Behind him, there’s a woman standing by the curb with a cigarette between her fingers. She waves—smiles even—and then disappears into a cab with all the ceremony of a ghost who’s done this too many times to care anymore.
Yuichi doesn’t notice. Or maybe he does, but he’s already caught in the way Ryoji and Setsuna look at him.
Like a mirror that won’t stop cracking.
His grin twitches. Falters. Then drops.
“Didn’t have my key,” he slurs, stepping on a shard of glass without flinching. “Thought I’d come home.”

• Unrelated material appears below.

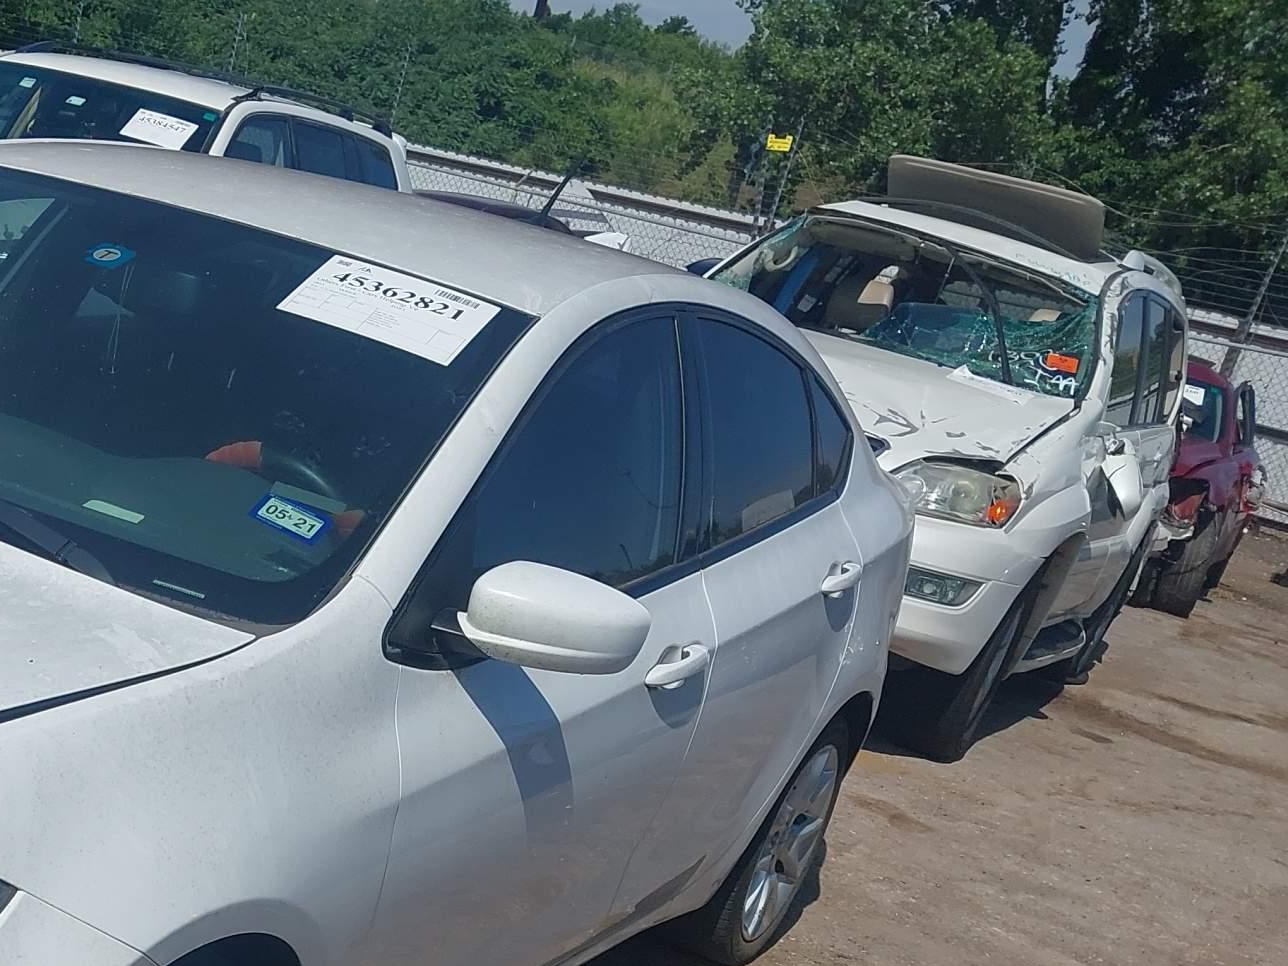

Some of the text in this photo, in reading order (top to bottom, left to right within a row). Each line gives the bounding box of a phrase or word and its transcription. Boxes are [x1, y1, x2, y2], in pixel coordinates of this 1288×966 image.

[333, 272, 466, 322] 45362821
[265, 504, 289, 520] 05
[293, 517, 317, 533] 21

Ryoji’s voice is a blade. “You broke in.”
Yuichi staggers sideways, leans too hard against the wall like he’s melting into it. “You would’ve let me in anyway,” he breathes, and somehow that sounds more like an accusation than an apology.
Setsuna’s jaw tightens. Her eyes track the red marks on his throat, the bruises blooming like fingerprints. The silence in the room is not quiet—it’s thick and charged, stretched too thin to survive.

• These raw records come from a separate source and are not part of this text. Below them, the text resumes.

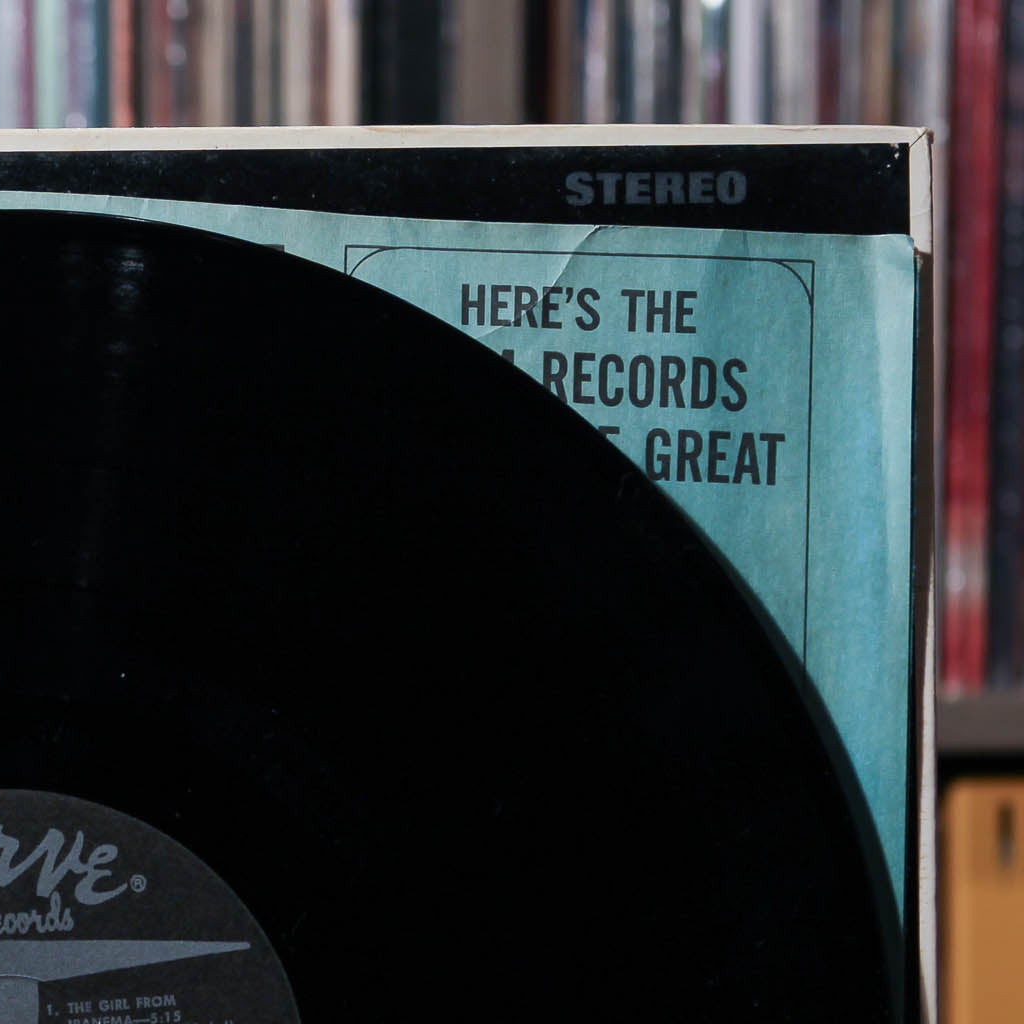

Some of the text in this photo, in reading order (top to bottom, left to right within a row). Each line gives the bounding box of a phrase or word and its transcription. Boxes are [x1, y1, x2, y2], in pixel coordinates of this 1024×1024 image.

[564, 170, 748, 207] STEREO
[461, 283, 699, 335] HERE'S THE
[542, 352, 749, 412] RECORDS
[644, 427, 786, 488] GREAT
[67, 1000, 92, 1015] THE
[98, 998, 131, 1012] GIRL
[135, 994, 177, 1009] FROM

“Get the first aid kit,” Ryoji says, low. Not to her, but to himself. Like he’s saying it just to keep from doing something else.
But Setsuna doesn’t move.
“Who was that?” she finally asks, nodding to the fading taillights outside. Her voice is flat.
Yuichi licks his teeth, still grinning. “Dunno. She was soft. Or maybe I was. We traded names, and then we forgot ‘em.”
Then quieter: “You ever feel like your skin’s borrowed? Like you’re renting it?”
The room sways. It’s not the house—it’s him.
Setsuna exhales through her nose. “You’re bleeding on the rug.”
“Good. It’s mine now.”
Ryoji kneels. His hands, practiced and steady, reach for Yuichi’s wrists. “Let me see,” he says, already checking for deep cuts, internal damage, anything fatal. The same way he’s done a hundred times before.
But Yuichi flinches. Just a little. Like he’s only just realized he’s breakable.
He stares at Ryoji—too long.
“Why do you do this?” he asks. Not accusatory. Not even drunk anymore. Just small.
Ryoji doesn’t answer. But his grip on Yuichi’s wrist tightens, just a bit.
“I wanted to come home,” he mumbles again, dazed. “But I don’t know where that is anymore.”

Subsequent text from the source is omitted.